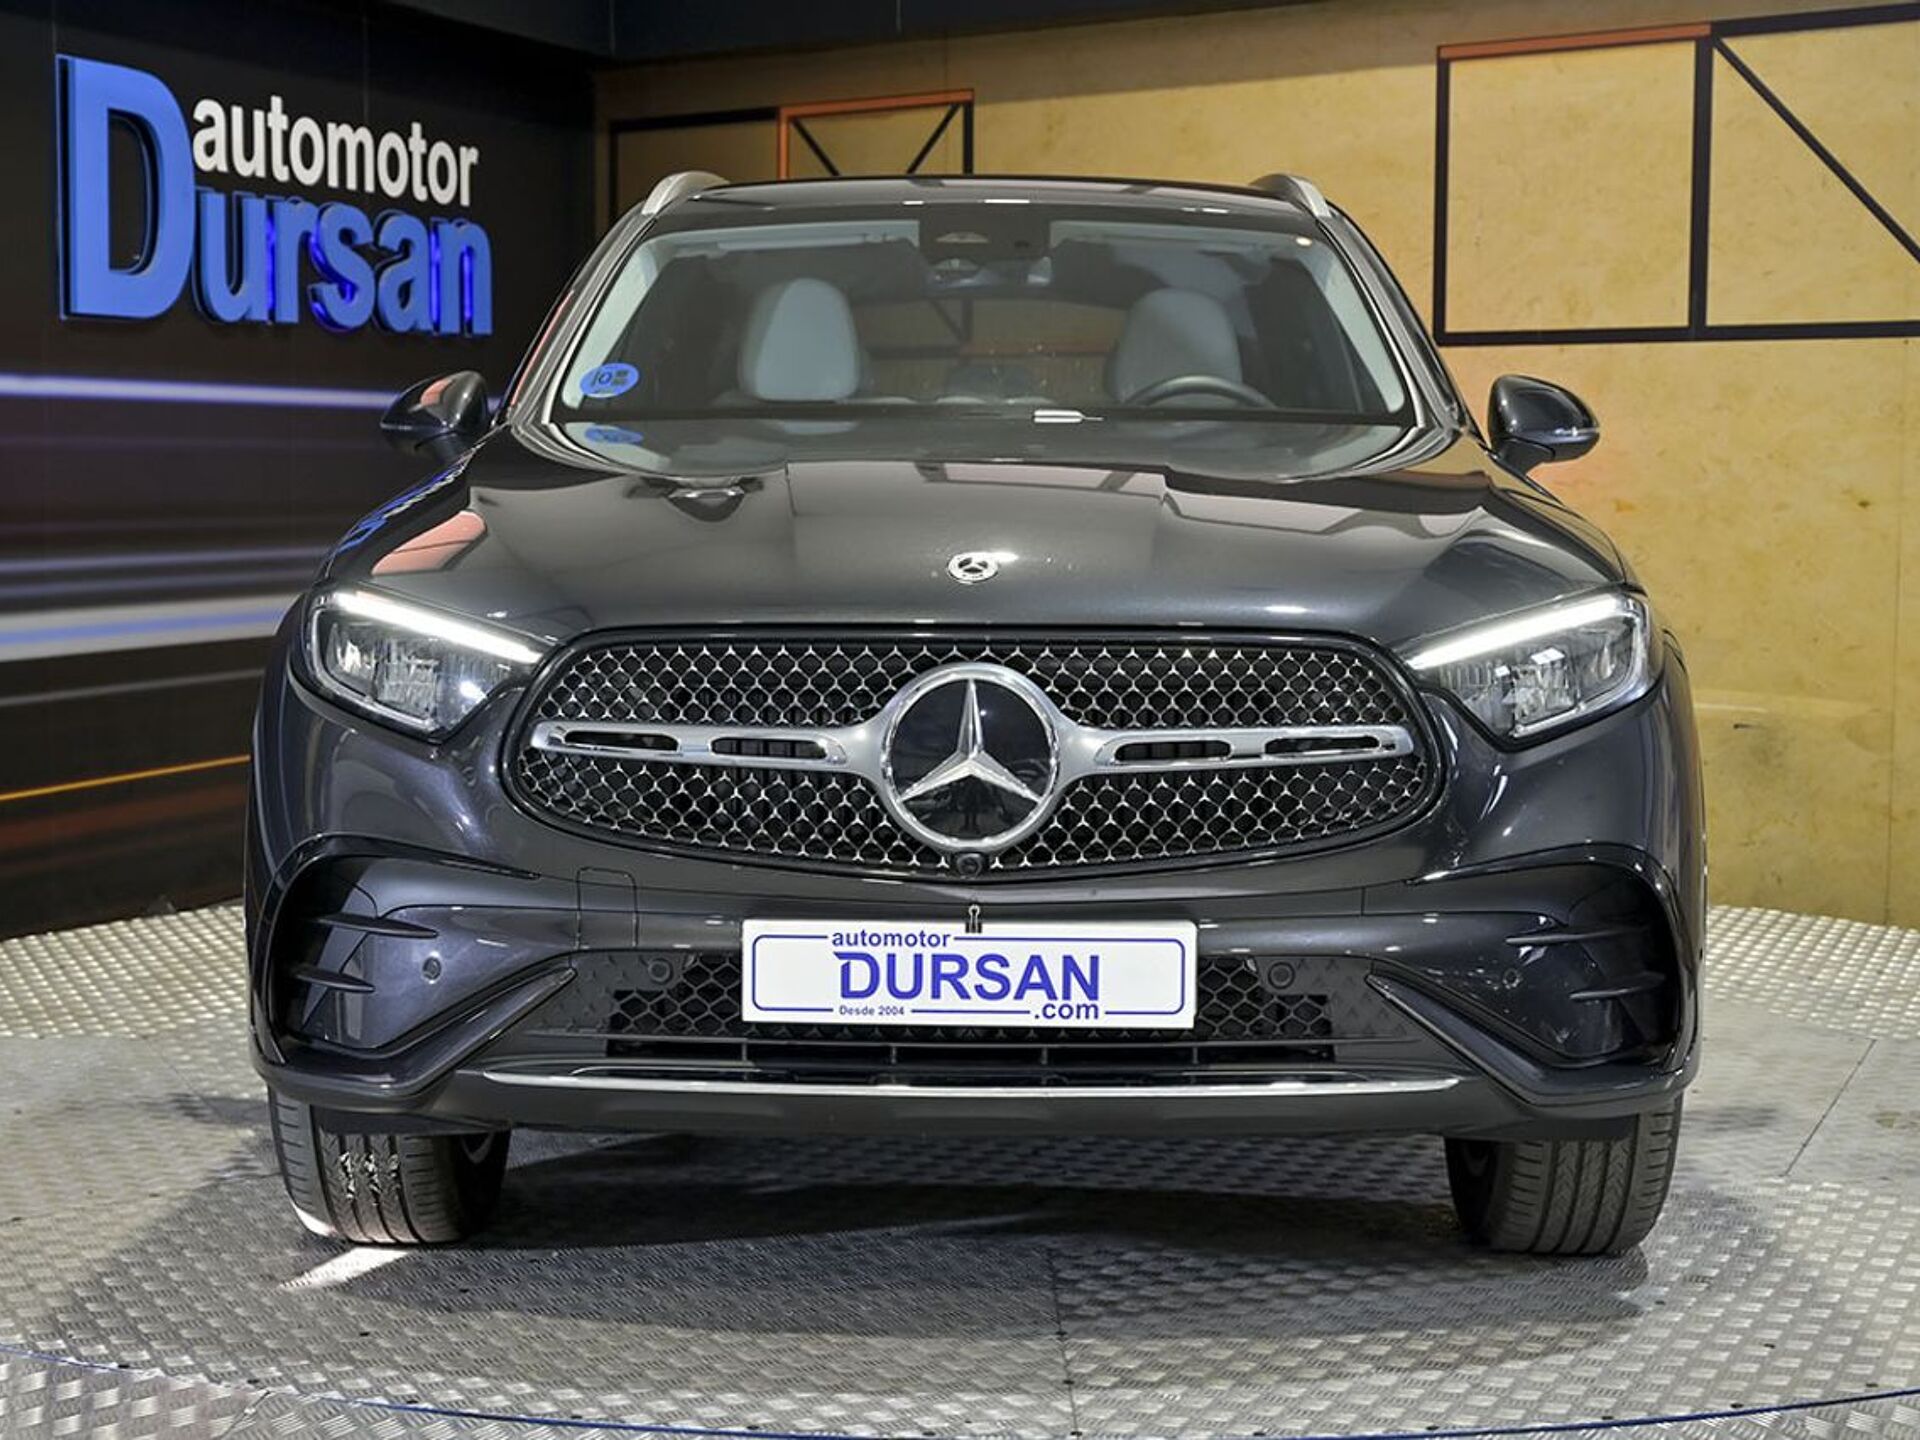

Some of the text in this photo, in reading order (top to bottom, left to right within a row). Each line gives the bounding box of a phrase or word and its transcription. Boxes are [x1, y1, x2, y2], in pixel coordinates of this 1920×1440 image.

[192, 95, 479, 207] automotor
[55, 53, 494, 337] Dursan
[832, 929, 951, 947] automotor
[833, 951, 1099, 1001] DURSAN
[839, 1004, 905, 1016] Desde 2004
[1034, 1002, 1099, 1020] .com
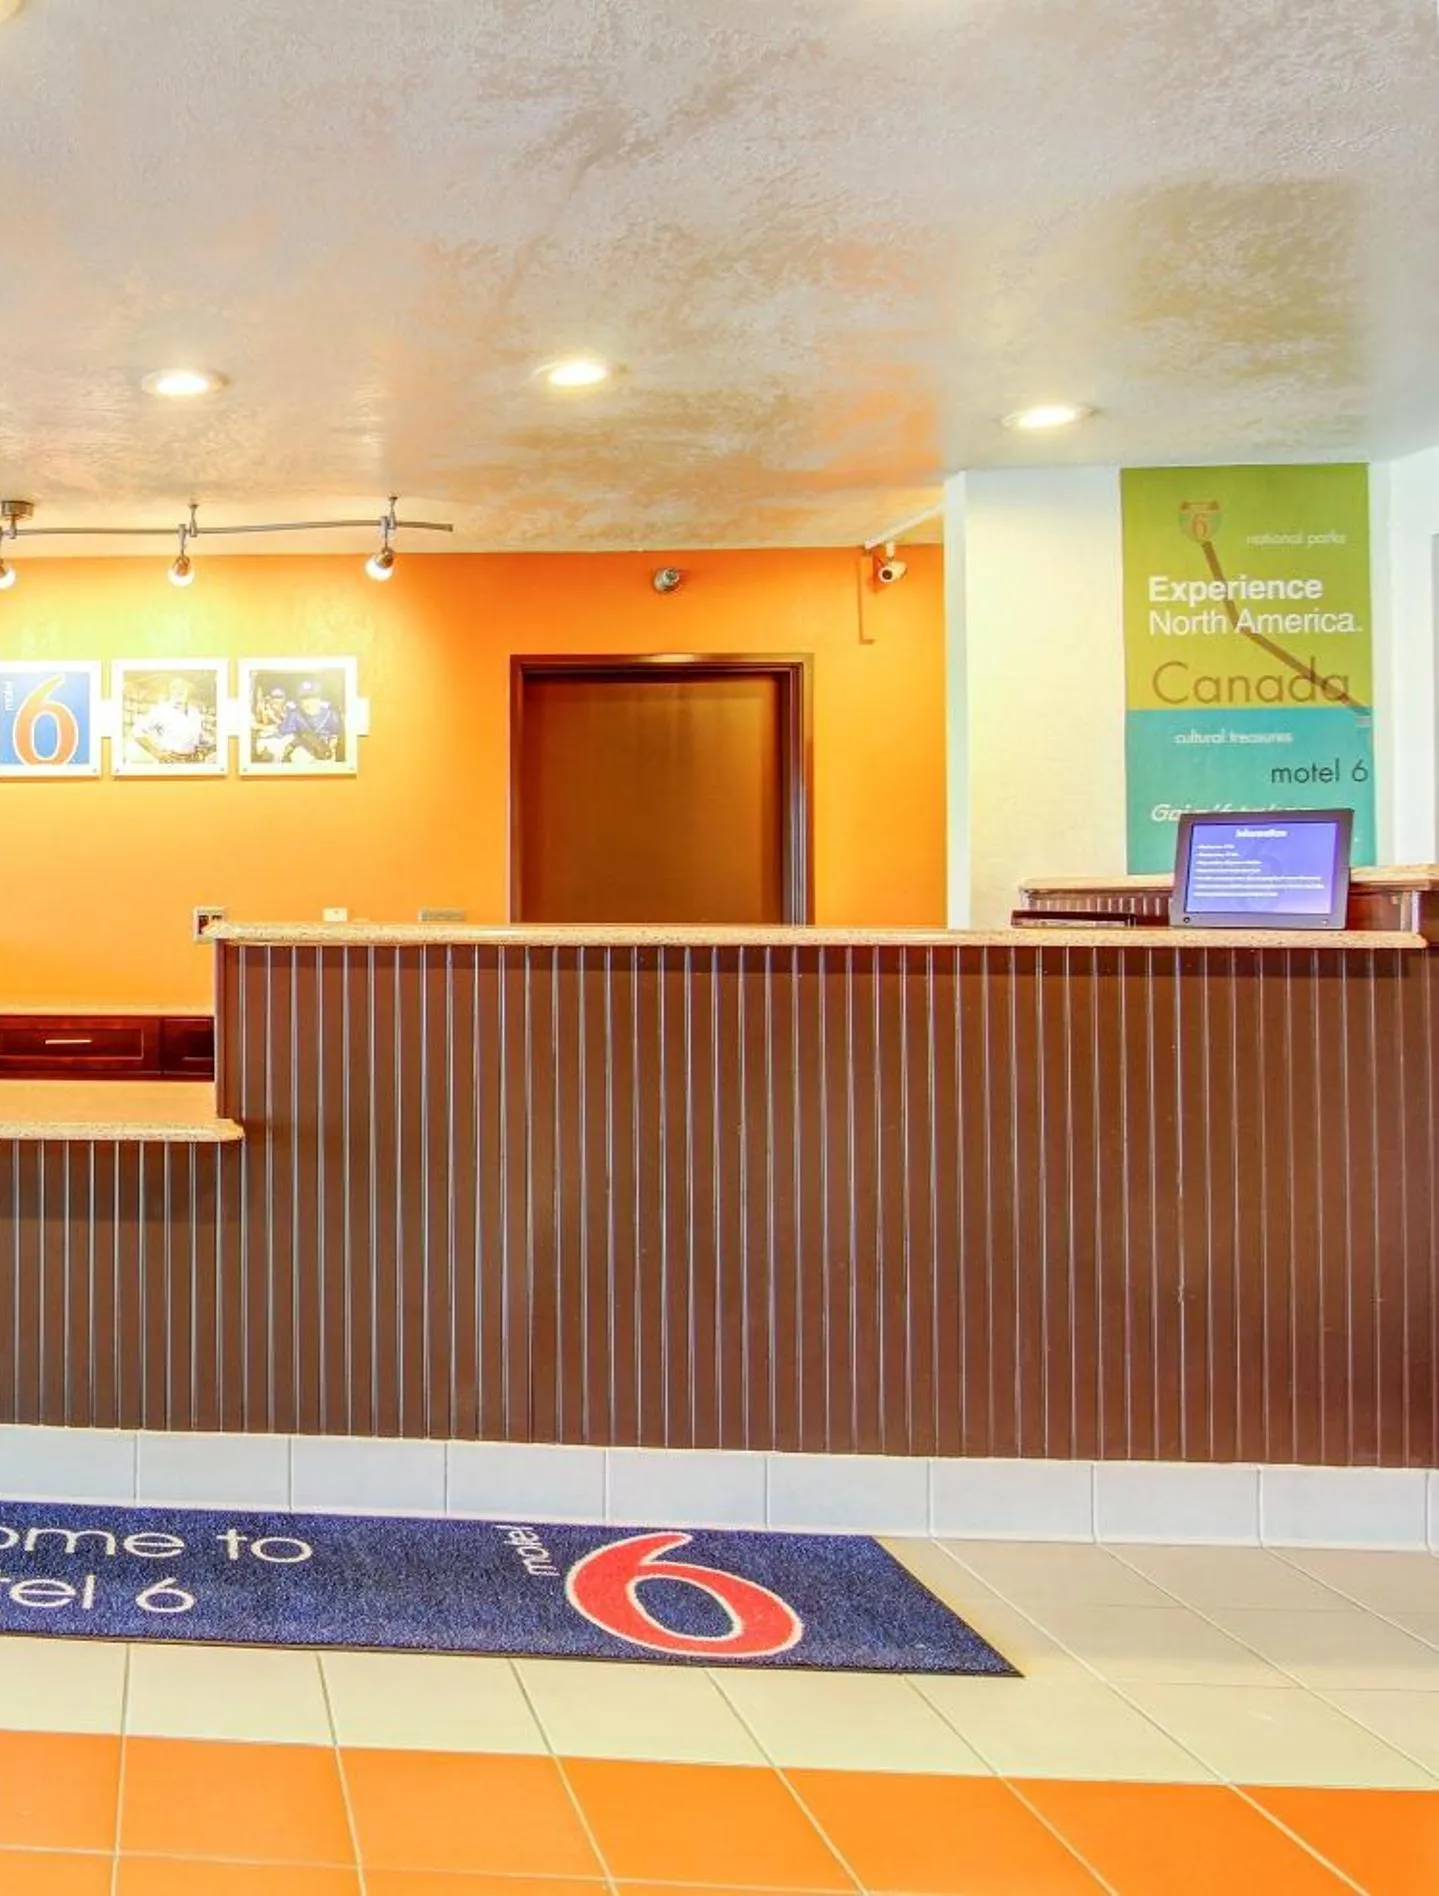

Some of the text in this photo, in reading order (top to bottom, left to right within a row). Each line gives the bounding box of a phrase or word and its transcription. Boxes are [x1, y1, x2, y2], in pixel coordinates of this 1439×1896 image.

[1148, 575, 1323, 607] Experience
[1148, 608, 1363, 637] North America.
[1152, 656, 1350, 705] Canada
[12, 672, 79, 766] 6
[1173, 729, 1294, 744] cultural treasures
[1270, 758, 1369, 784] motel 6
[216, 1528, 313, 1564] to
[495, 1524, 561, 1577] motel
[135, 1577, 197, 1614] 6
[565, 1531, 804, 1658] 6
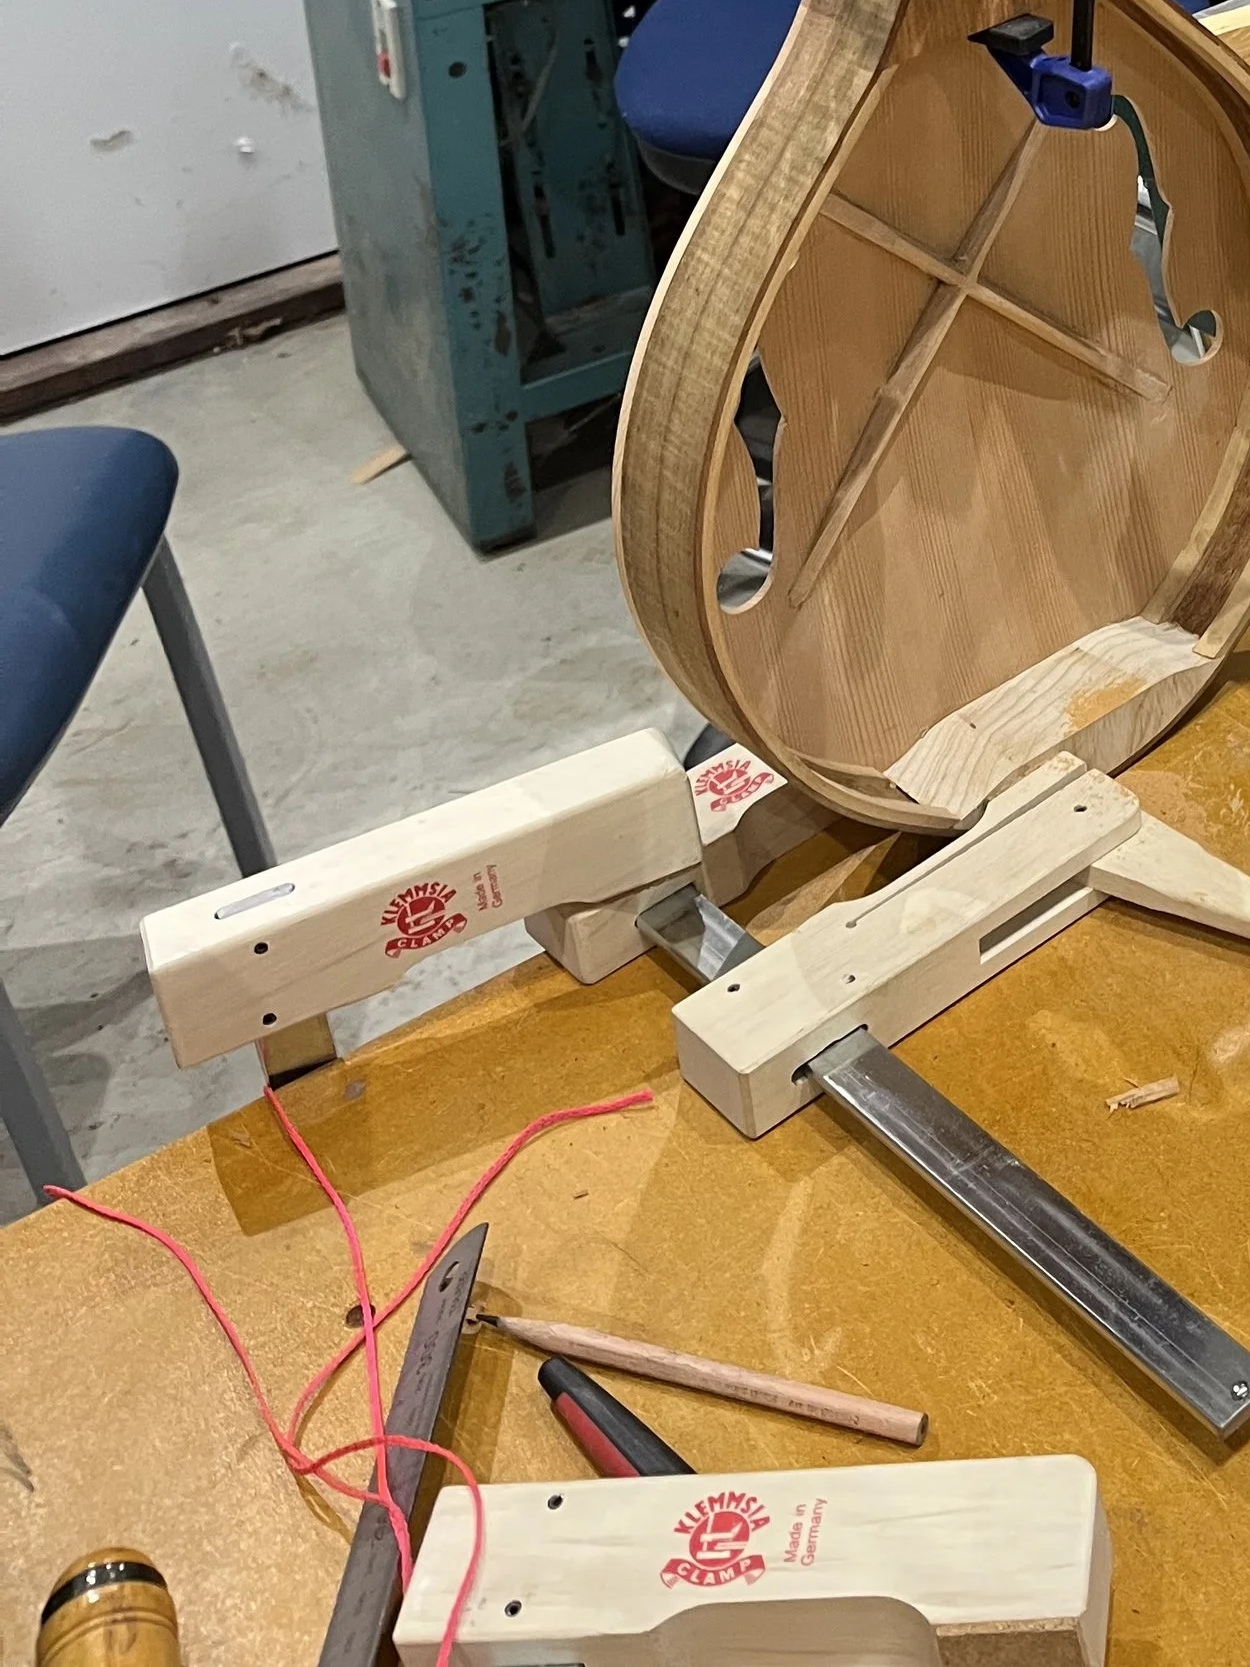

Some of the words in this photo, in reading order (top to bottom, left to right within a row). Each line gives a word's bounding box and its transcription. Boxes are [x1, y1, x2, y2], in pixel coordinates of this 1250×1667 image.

----------------------------------------

*YOUR GOAL:* Ignoring the pictures, write out word for word only the lines from the one containing "this 1439×1896 image." through the last line of the data, both ends included.

*FINISHED EXERCISE:*
Some of the text in this photo, in reading order (top to bottom, left to right within a row). Each line gives the bounding box of a phrase or word and its transcription. Boxes are [x1, y1, x2, y2], in pixel coordinates of this 1439×1896 image.

[1148, 575, 1323, 607] Experience
[1148, 608, 1363, 637] North America.
[1152, 656, 1350, 705] Canada
[12, 672, 79, 766] 6
[1173, 729, 1294, 744] cultural treasures
[1270, 758, 1369, 784] motel 6
[216, 1528, 313, 1564] to
[495, 1524, 561, 1577] motel
[135, 1577, 197, 1614] 6
[565, 1531, 804, 1658] 6

Some of the words in this photo, in reading order (top to bottom, left to right within a row). Each line gives a word's bounding box and its transcription. Boxes are [x1, y1, x2, y2], in pixel coordinates of this 1250×1667 image.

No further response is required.